Women Who Changed America
They founded organizations, they sponsored legislation, they blazed trails and suffered trials. For generations, women living and working in Washington, D.C. have defied expectations and surmounted discrimination to increase equality, freedom, and prosperity for their fellow citizens. “Angel of the Battlefield” Clara Barton inspired a world-wide humanitarian movement. Dorothy Height devoted forty years to supporting African-American women and girls. Frances Perkins not only became the first woman to serve as a cabinet secretary, she was the principal architect of President Franklin Roosevelt’s New Deal. See the sites downtown and around the U.S. Capitol where they and others made their marks and follow history along Pennsylvania Avenue, NW, where thousands of suffragists first marched for equality on March 3, 1913. The walk will conclude at the Belmont-Paul Women’s Equality National Monument, home to the National Woman’s Party for nearly 90 years and the epicenter of the struggle for women’s rights.

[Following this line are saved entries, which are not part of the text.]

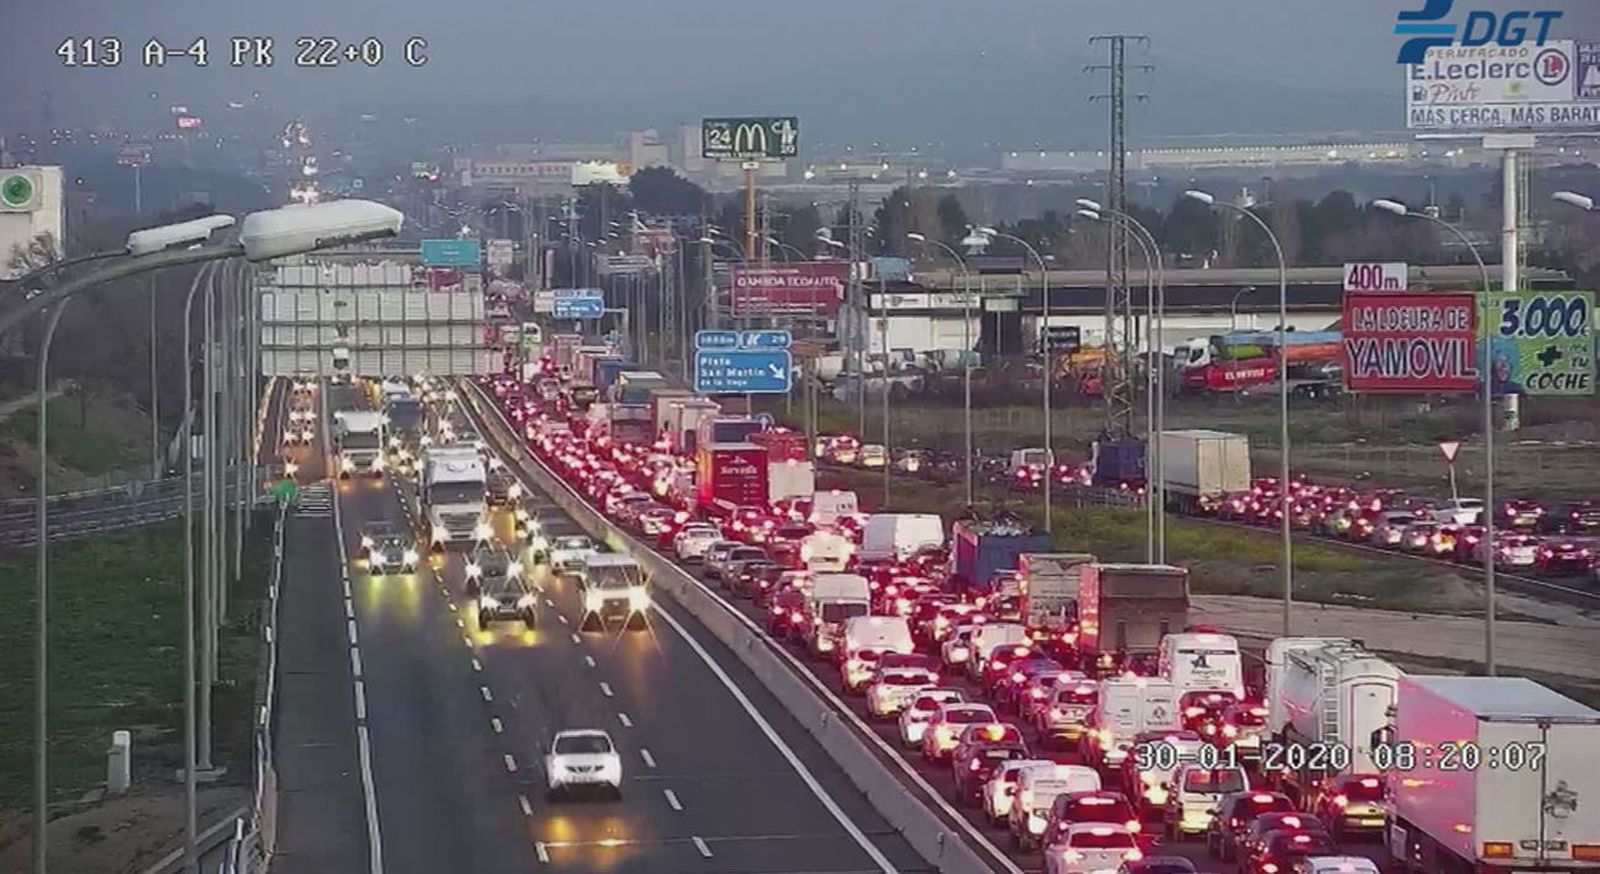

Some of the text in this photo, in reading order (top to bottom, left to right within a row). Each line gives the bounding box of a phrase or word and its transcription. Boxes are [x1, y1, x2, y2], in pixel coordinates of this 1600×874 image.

[1411, 59, 1531, 80] E.Leclerc
[710, 129, 732, 144] 24
[1348, 264, 1400, 290] 400m
[1352, 307, 1470, 332] LA LOCURA DE
[1526, 373, 1591, 391] COCHE

"My wife and I thoroughly enjoyed it and recommend the tour to anyone interested in the many contributions women have made to equality and progress in this country." - Goldstar reviewer
We are delighted to partner with Women's Campaign Fund, a non-profit that chooses female political candidates who can demonstrate the ability to reach common ground in their life’s experience. Once a month a Women's Campaign Fund staffer will join the "Women Who Changed America" walk to share stories about how the organization has successfully supported women candidates from all political parties and about a bold new 5050 x 2028 initiative. Connect past to future: “Women Who Changed America” to “Women Who Will Change America”!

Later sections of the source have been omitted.